• TASK GOAL
Ignoring every picture, transcribe the data in full as it stands.

• AVAILABLE DATA
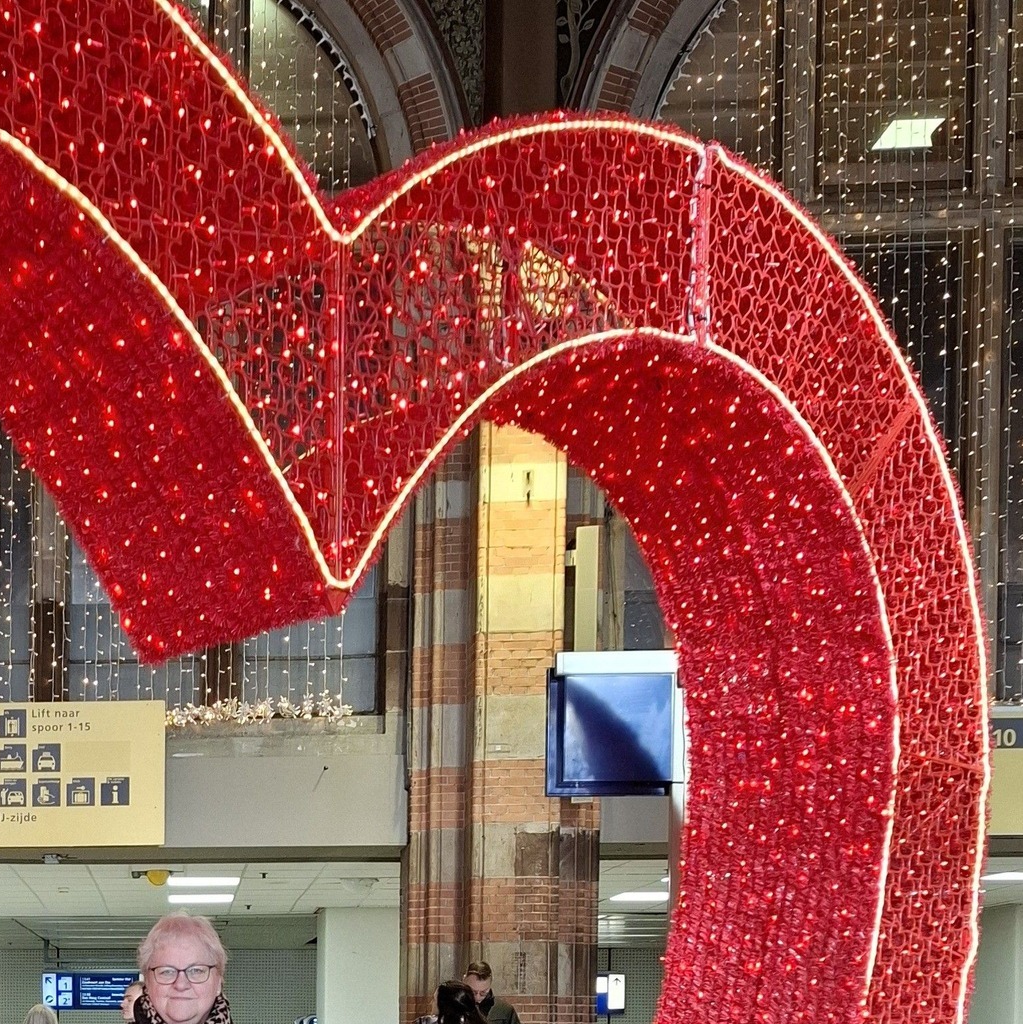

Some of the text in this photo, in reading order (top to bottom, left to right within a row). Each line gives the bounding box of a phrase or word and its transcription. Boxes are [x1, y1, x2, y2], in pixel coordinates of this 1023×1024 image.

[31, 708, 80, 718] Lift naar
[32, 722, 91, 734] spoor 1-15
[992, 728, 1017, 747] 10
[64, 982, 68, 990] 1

• SOLUTION FOR THIS PROBLEM
Some of the text in this photo, in reading order (top to bottom, left to right within a row). Each line gives the bounding box of a phrase or word and its transcription. Boxes are [x1, y1, x2, y2], in pixel coordinates of this 1023×1024 image.

[31, 708, 80, 718] Lift naar
[32, 722, 91, 734] spoor 1-15
[992, 728, 1017, 747] 10
[64, 982, 68, 990] 1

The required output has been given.